I've been reading all your back posts and I have a question. I started a low carb (under 40/day) diet about 6 weeks ago. I've been having stomach cramps. I don't have a gall bladder. I do take digestive enzymes. My husband is doing it with me and hasn't had any problems. Is this a common thing? I've tried taking baking soda since a lot of protein can be acidic but this helps only a little.

Stargazey said...

Hi, Kathy! I am not a physician and most definitely not a gastoenterologist, so these are just suggestions.

If you think it's a protein digestion issue, you might try using low-carb protein powder or low-carb protein shakes. They are easier to digest than meat. (I like the Body Fortress whey powder from Wal-Mart. It's cheap and is sweetened with Ace-K and Splenda.)

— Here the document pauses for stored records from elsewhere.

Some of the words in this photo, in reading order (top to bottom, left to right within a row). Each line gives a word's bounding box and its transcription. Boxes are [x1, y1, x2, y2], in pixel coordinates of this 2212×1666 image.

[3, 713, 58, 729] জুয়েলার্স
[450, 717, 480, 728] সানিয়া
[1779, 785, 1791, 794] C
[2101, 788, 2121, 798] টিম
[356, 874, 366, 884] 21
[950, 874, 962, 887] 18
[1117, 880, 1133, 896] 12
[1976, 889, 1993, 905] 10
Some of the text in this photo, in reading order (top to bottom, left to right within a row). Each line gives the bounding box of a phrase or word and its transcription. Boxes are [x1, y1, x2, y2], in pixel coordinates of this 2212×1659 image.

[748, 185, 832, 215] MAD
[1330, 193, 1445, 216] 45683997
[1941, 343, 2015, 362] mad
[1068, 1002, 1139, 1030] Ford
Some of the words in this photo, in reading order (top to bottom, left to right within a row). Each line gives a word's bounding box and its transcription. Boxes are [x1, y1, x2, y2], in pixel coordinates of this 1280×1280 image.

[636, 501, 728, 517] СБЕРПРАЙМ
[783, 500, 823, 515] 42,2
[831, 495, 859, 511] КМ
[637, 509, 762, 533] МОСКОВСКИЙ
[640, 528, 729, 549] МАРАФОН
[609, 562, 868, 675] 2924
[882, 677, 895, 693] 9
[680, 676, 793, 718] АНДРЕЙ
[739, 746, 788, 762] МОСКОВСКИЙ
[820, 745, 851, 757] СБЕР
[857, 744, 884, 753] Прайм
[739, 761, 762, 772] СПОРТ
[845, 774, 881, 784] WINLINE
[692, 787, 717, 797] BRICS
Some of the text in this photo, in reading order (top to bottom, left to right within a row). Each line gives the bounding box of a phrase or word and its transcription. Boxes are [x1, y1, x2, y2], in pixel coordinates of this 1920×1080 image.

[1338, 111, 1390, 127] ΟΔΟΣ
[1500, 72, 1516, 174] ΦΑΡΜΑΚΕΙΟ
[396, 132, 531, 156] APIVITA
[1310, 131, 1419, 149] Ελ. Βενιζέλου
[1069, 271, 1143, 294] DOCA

If it's a gall bladder issue, you will probably notice fatty stools (loose, foul-smelling, greasy, and they float). Steatorrhea is the medical term for it. You might want to eat smaller amounts of fat throughout the day rather than large amounts just at mealtime. You also may want to use fats like coconut oil, which is mostly medium chain fatty acids and is absorbed by a different mechanism than the longer-chain fatty acids found in liquid vegetable oils such as olive oil.

lynn said...

We know for a fact that long term use of cocaine leaves the user with depleted levels of dopamine even after being clean for years and decades. Could the same be true for those addicted to the sweet? Will they always have lower levels of dopamine than those not exposed to sweets?

Stargazey said...

I don't know, Lynn, but it wouldn't surprise me if prolonged exposure to the taste of sweet permanently downregulates dopamine signaling. I didn't see any references to it while I was preparing this blogpost, however.

In any case, given the many types of dopamine receptors and the many regulatory points in dopamine signaling, it doesn't seem obvious to me how a long-term decrease in dopamine signaling could be fixed pharmacologically.

When I did this blogpost, I was hoping that I might be able to help sweet-lovers make better food choices on a cognitive level. Until Jimmy Moore had his sweet-free challenges, I had no idea that simply the taste of sweet has an addictive component. Once a person is aware of this (assuming that there are no underlying psychological issues) perhaps he or she could then make conscious choices that would lessen the addictive power of sweet foods and beverages over their other food choices.